Students taking drugs is not news to most people, but contrary to popular belief students are not as involved with illegal substances as the media and popular shows like skins would have you believe.
Only about 2 in 5 students are regular drug users, and the most commonly used substances are weed, cocaine, ecstasy and nitrous oxide.
Despite the moral panic of students bingeing on class A drugs the most frequently used is cannabis, a class C substance.
The report issued by the NUS argues that universities should stop penalising students for seeking help relating to drugs or reporting drug use to the university.
Source: NUS, Release (the national centre of expertise on drugs and drugs law). Base: 2,810 UK-based students.
The report by the NUS describes student drug use as ‘complex’ some students suggest taking drugs has helped them attend lectures and complete work, while 60% claim to have missed a lecture due to their drug use.
The findings show punishing drug use or involving the police does not reflect the students wants and needs, in fact 50% of students who took the survey said they disagreed with the statement “My university/college’s drugs policy does not do enough to punish students who take drugs”. This compounds that in many cases universities may act as a barrier to students seeking help surround substance abuse.
Current university drug policies range from effective to completely invasive, some of the universities found wanting used sniffer dogs, surveillance and swabbing. Although some miss the mark, some equally get it right, they try to not involve external authorities when possible, they help give the student information to make informed decisions and they clearly distinguish between addictive drug use and recreational drug use.
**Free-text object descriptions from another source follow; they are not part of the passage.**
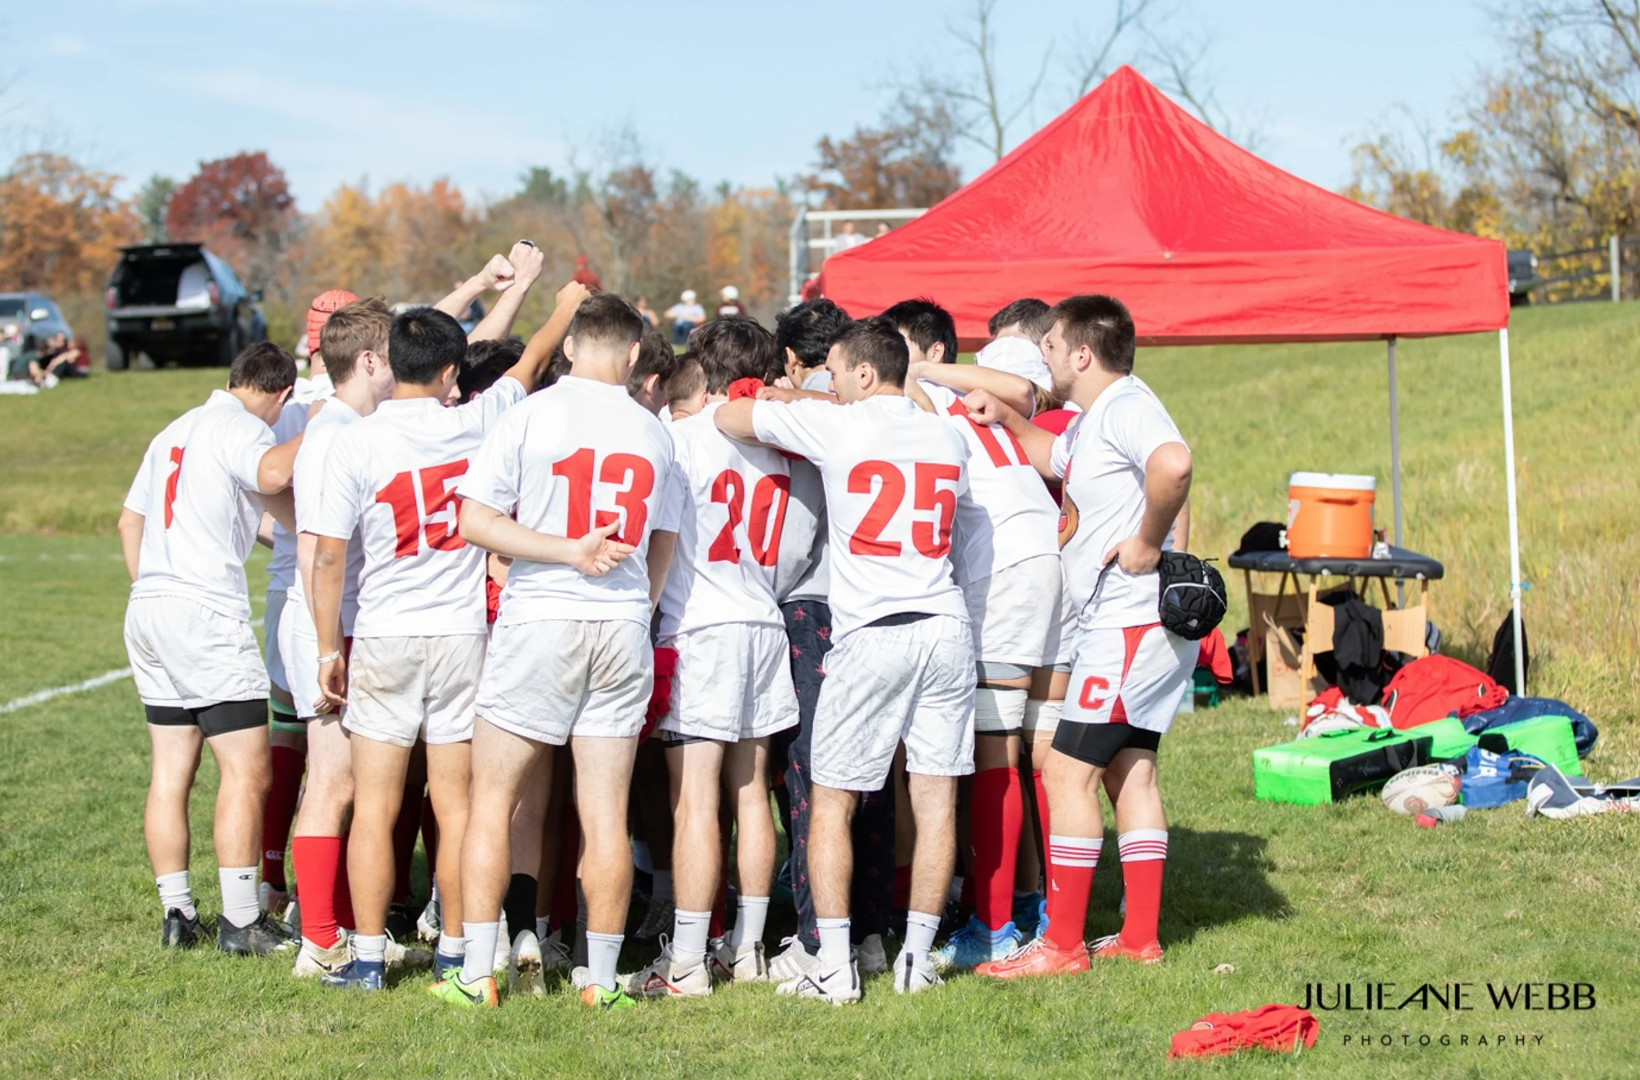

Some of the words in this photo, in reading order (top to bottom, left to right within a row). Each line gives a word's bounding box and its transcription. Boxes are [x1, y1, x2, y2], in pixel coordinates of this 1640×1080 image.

[375, 458, 470, 559] 15
[552, 448, 655, 548] 13
[708, 469, 790, 567] 20
[847, 459, 960, 560] 25
[1078, 676, 1110, 711] C
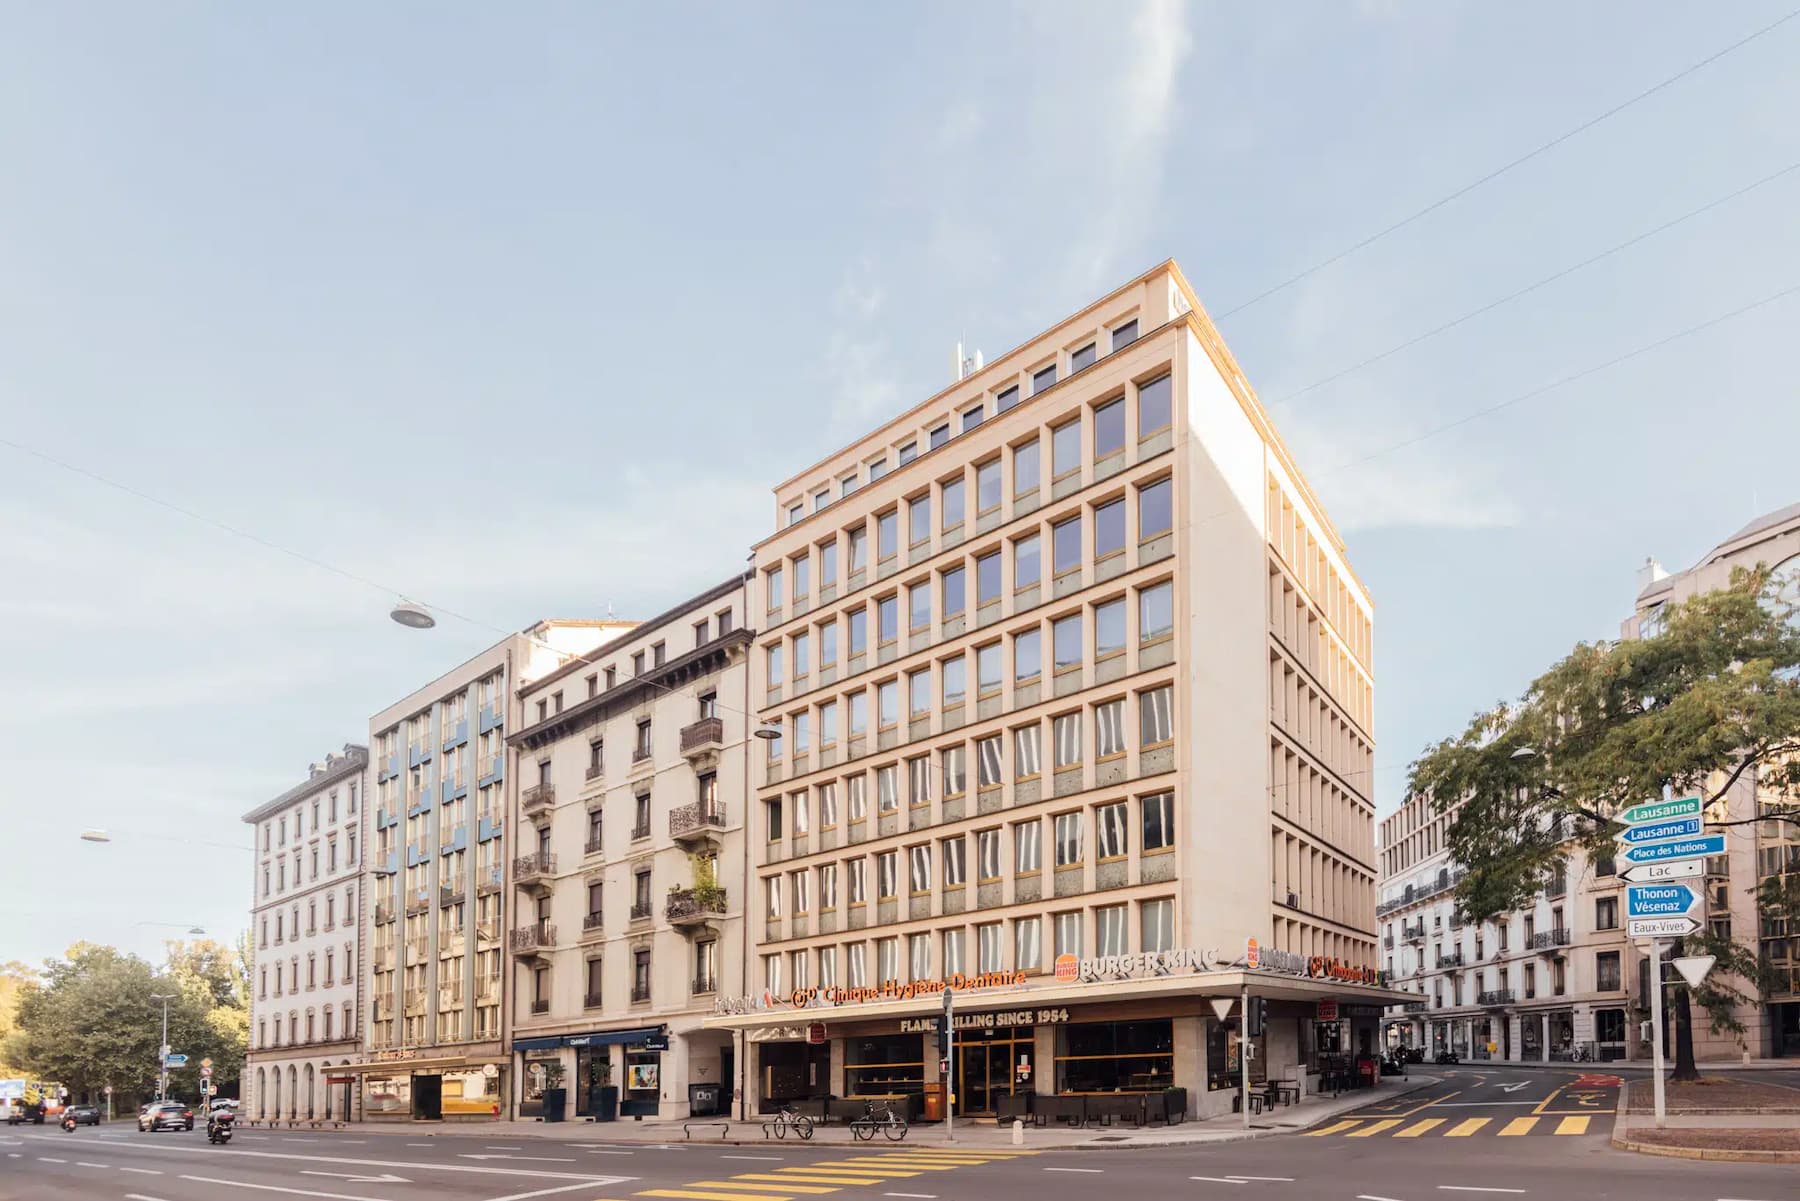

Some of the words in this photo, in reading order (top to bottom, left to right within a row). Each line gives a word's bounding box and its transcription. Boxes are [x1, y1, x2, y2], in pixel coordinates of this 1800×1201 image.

[1633, 801, 1696, 821] Lausanne
[1630, 824, 1685, 841] Lausanne
[1633, 848, 1656, 860] Place
[1657, 845, 1672, 856] des
[1674, 842, 1708, 855] Nations
[1649, 865, 1671, 877] Lac
[1636, 888, 1678, 899] Thonon
[1634, 901, 1680, 913] Vésenaz
[1634, 921, 1686, 934] Eaux-Vives
[1079, 952, 1159, 978] BURGER
[1163, 947, 1219, 970] KING
[1056, 968, 1077, 977] KING
[824, 985, 879, 1006] Clinique
[883, 978, 946, 1000] Hygiène
[952, 970, 1026, 991] Dentaire
[952, 1014, 994, 1029] ILLING
[996, 1011, 1034, 1026] SINCE
[1037, 1008, 1069, 1024] 1954
Study drugs, like Adderall, where also reportedly used by about 1 in 10 students. These drugs can actually help students concentrate and motivate them to work, so its hard to brandish all controlled substances as harmful to academic success.
Harm reduction techniques have be sighted as beneficial, this method aims to reduce the harms that are often linked to illegal drugs. The report states this approach helps ‘reduce negative health, social and economic consequences of these activities’
The context of drug taking was study in depth in the report, its often unknown as to why people experiment with drugs and what context the associate them with. For students who recreationally take drugs it seems to be a social activity, 39% say they use only in a social context. Some students reported feeling more confident when under the influence of drugs and more significant bonding with friends. Of course some also reported negative social impact of taking drugs, even regretting the sexual interactions they had while under the haze of narcotics.
Although socially fuelled drug taking may be the case for some students, another more problematic catalyst could be self medicating mental health conditions.
Any illegal substances taken frequently or in a problematic way will have a harmful effect on an individual health and well being. The positive take away from the report is that students are not all hedonistic drug users that is often popularised by the media, however it has highlighted how marginalised groups often have a very different relationship with illegal substances than cis gender, mentally well students. It has also shed light on how universities need to reform how they deal with students drug use.